Spark 1.6 Streaming consumer reading in kafka offset stuck at createDirectStream

1k Views Asked by At

I am trying to read in the spark streaming offset into my consumer but I cannot seem to do it correctly.

Here is my code.

val dfoffset = hiveContext.sql(s"select * from $db")
dfoffset.show()
val dfoffsetArray = dfoffset.collect()
println("printing array of data")
dfoffsetArray.foreach(println)
val fromOffsets = collection.mutable.Map[TopicAndPartition, Long]()
for (i <- dfoffsetArray) {
  val topicAndPartition = (TopicAndPartition(i(1).toString, i(0).toString.toInt) -> (i(2).toString.toLong))
  fromOffsets += topicAndPartition
}

val kafkaParams = Map[String, String]("bootstrap.servers" -> serverName, "group.id" -> "test")
val topics = Array(topicName).toSet
//stuck here 
var directKafkaStream = KafkaUtils.createDirectStream[String, String, StringDecoder, StringDecoder](ssc, kafkaParams, topics)

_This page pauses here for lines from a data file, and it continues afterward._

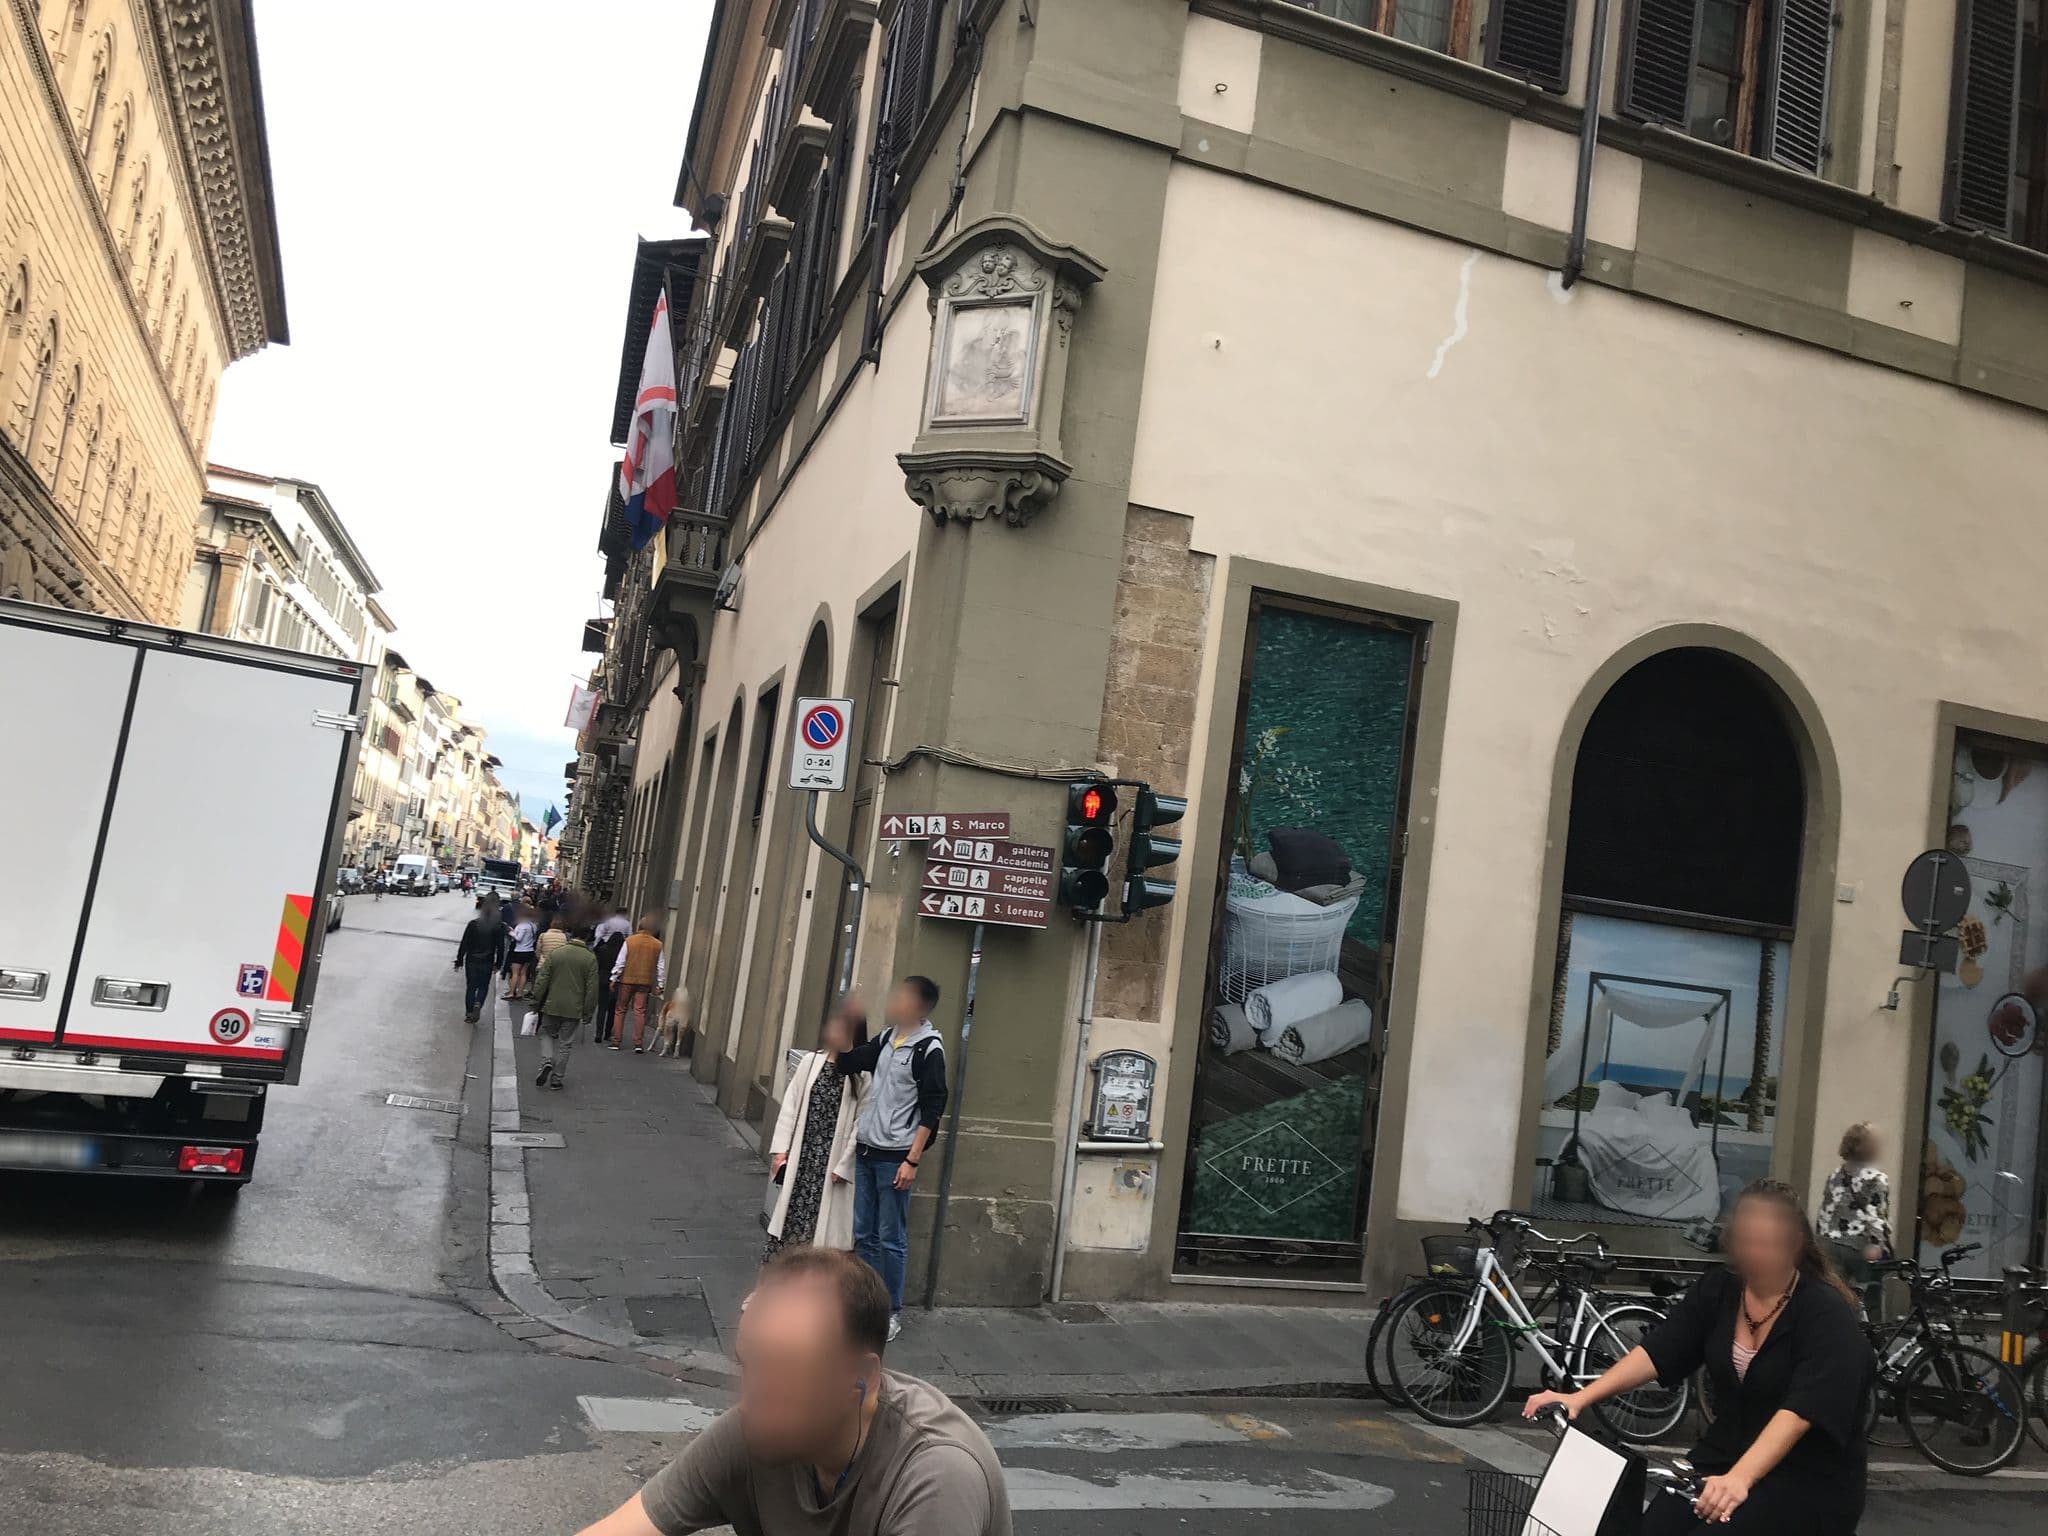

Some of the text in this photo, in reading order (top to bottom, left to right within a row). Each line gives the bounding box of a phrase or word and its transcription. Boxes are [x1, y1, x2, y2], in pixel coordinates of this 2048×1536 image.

[951, 820, 1005, 830] S. Marco
[1012, 847, 1049, 857] galleria
[996, 856, 1049, 870] Accademia
[1004, 873, 1048, 887] cappelle
[1003, 884, 1044, 896] Medicee
[994, 904, 1044, 918] S. Lorenzo
[220, 1018, 240, 1034] 90
[1242, 1156, 1312, 1175] FRETTE

directKafkaStream.foreachRDD(rdd1 => { ..

Here is the output from showing the dataframe

partition_number|topic_name|current_offset|
+----------------+----------+--------------+
|               0|TOPIC_NAME|          4421|

Any help is greatly appreciated.

I am using spark 1.6 , Scala 2.10.5, kafka 10

1

There are 1 best solutions below

1
On BEST ANSWER

As the official document shown KafkaUtils.createDirectStream, you should pass the fromOffsets as the 3rd parameter of createDirectStream(and don't forget about the 4th parameter messageHandler).

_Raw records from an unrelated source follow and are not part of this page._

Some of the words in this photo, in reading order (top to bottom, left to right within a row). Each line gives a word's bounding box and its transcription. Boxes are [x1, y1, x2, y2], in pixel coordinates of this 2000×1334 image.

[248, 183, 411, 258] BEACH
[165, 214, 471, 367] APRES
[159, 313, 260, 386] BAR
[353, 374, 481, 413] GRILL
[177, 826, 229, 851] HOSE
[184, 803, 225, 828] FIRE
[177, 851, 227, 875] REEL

The fromOffsets parameter suppose to be a collection.immutable.Map[TopicAndPartition, Long], we usually use immutable instead of mutable as possible in Scala.
You may transform the dfoffsetArray to immutable.Map[TopicAndPartition, Long] with the following:

val fromOffsets = dfoffsetArray.map( i =>
  TopicAndPartition(i(1).toString, i(0).toString.toInt) -> (i(2).toString.toLong)
).toMap

And the messageHandler is type of (MessageAndMetadata[K, V]) ⇒ R), which deals key and value of messages. You can define a simple handler as the following:

val messageHandler =
  (mmd: MessageAndMetadata[String, String]) => (mmd.key, mmd.message)

Then your createDirectStream will look like...

KafkaUtils.createDirectStream[String, String, StringDecoder, StringDecoder,
  (String, String)](ssc, kafkaParams, fromOffsets, messageHandler)

Now you are free to do some transformation to your stream. Happy streaming!


I was tutored by this article months ago. Maybe you will find it helpful.